Angry Birds is nothing new for iPhone users, and I was more than a little curious why this game was so talked about and so highly anticipated coming to the Android platform. I have been told it is available for the WebOS platform, but did not see it on the market, and to be honest, while I like the WebOS platform, what few games I have tried playing on my Pre has left me running for the much bigger screens of my Android devices. But this is not about the Pre, it is about Angry Birds.

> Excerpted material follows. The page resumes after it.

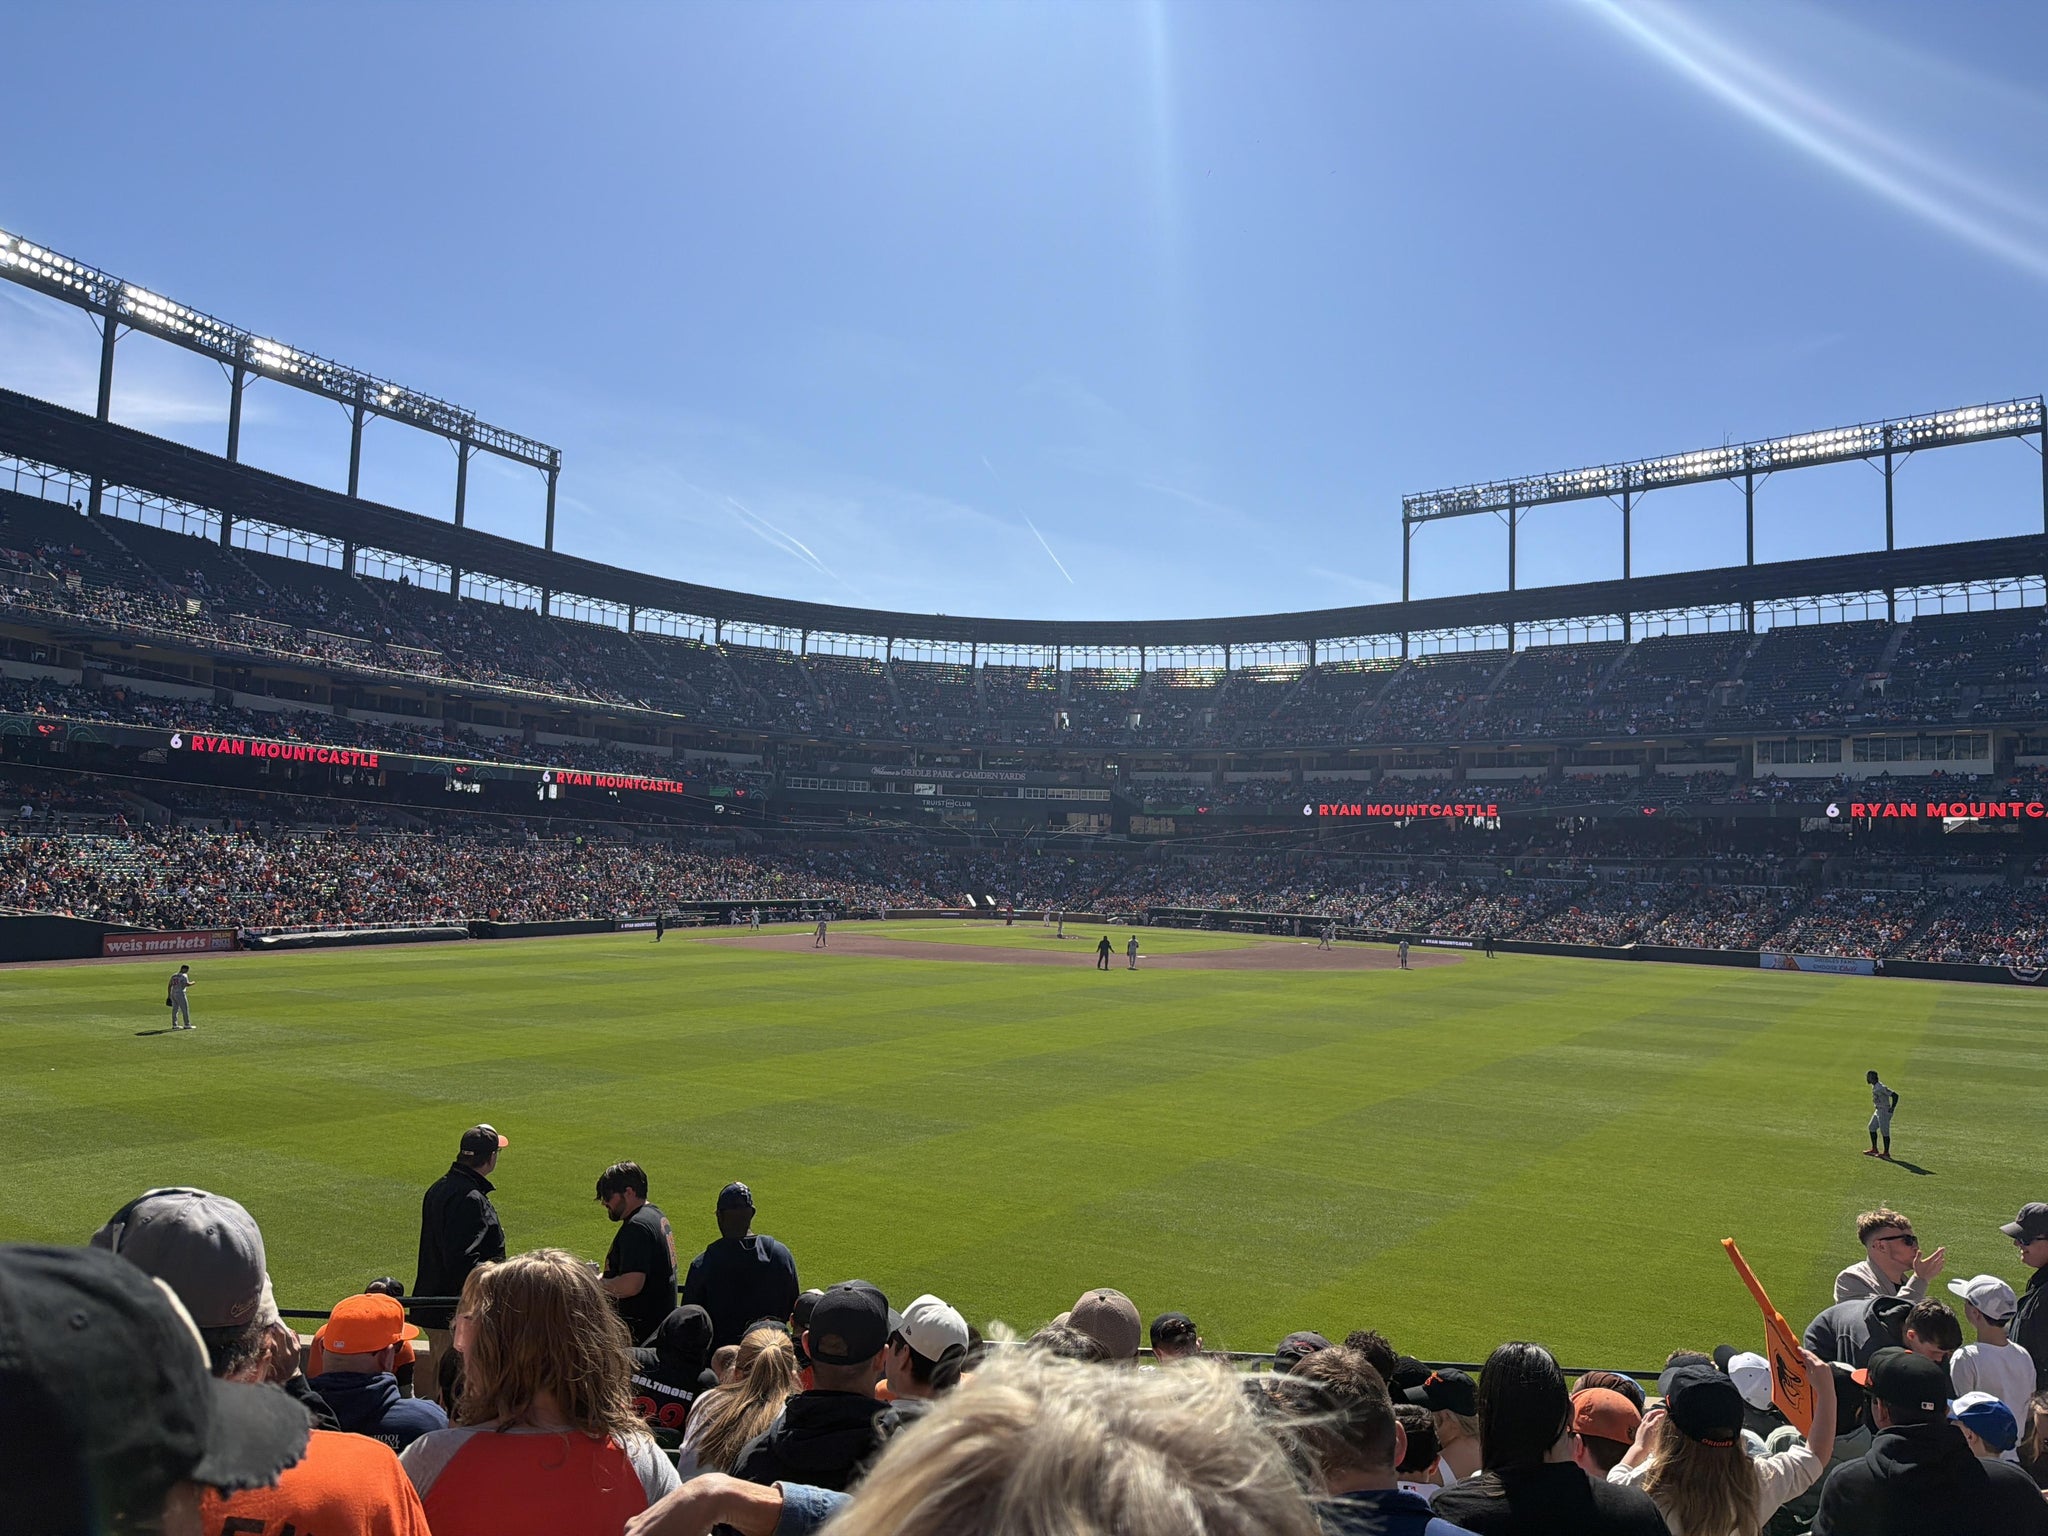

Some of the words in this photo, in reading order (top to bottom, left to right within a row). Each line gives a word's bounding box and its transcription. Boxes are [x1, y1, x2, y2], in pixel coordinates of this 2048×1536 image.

Now given the hype surrounding this game, I tried to prepare myself for a let down. After all, it is still just a BETA, and how could a game made for a phone be “all that?” For the few people that have not heard of Angry Birds before, the premise is quite simple. The back story is that a group of pigs stole bird eggs and the Angry Birds are trying to get them back. What the game does is bring you through a series of “fortresses” that the pigs hide in and you must launch from a pre-set slingshot the Angry Birds at the fortresses in an effort to take out the pigs. In a sort of sub game to the game, you get points for how much of the structure you take out, so while taking out the pigs on some of the earlier levels is relatively easy, you still wind up trying multiple times to maximize your score and garner a 3 star rating on each level.
I loaded the game on my Droid X, and the game graphics were incredibly sharp, and the game runs suprisingly smoothly considering it is a BETA (your milage may vary in this regard as I have seen a number of reviews complaining about issues with the game starting up… most notably on the HTC Evo 4G.
So, by now I am sure you are wondering, but how is the game itself. Well, to put it simply, I now understand why this game is so liked and was so highly desired. It is very addictive! How addictive? I had planned on writing this Saturday, but found myself engrossed in the 15 levels provided in the BETA (Lite) edition. The game is extremely easy to control and understand, it is just hard enough to keep it from being too easy, and hard enough to frustrate you into trying again and again. When you boil it down, it is really nothing more than a game of physics and geometry, lauching at this specific angle creates chain reactions and causes the structures to fall. I have seen in a few reviews claiming that the version for the iOS is a bit smoother, and if true, it must be an amazing feat, because this game plays incredibly smooth with no perceptible lag or jagged graphics on the Droid X.
While the Beta is currently free, if it keeps the same price as the iPhone version, you can expect it to cost around $4 once the game is officially released. The download weighs in at around 11.5 MB, so devices with limited space may find it a bit much (though if you have Froyo, you can load it on your SD Card), but other than that, I highly recommend downloading and trying out the Angry Birds BETA while it is available. Just be aware… you may find time slipping away as this game engulfs you when you first start playing.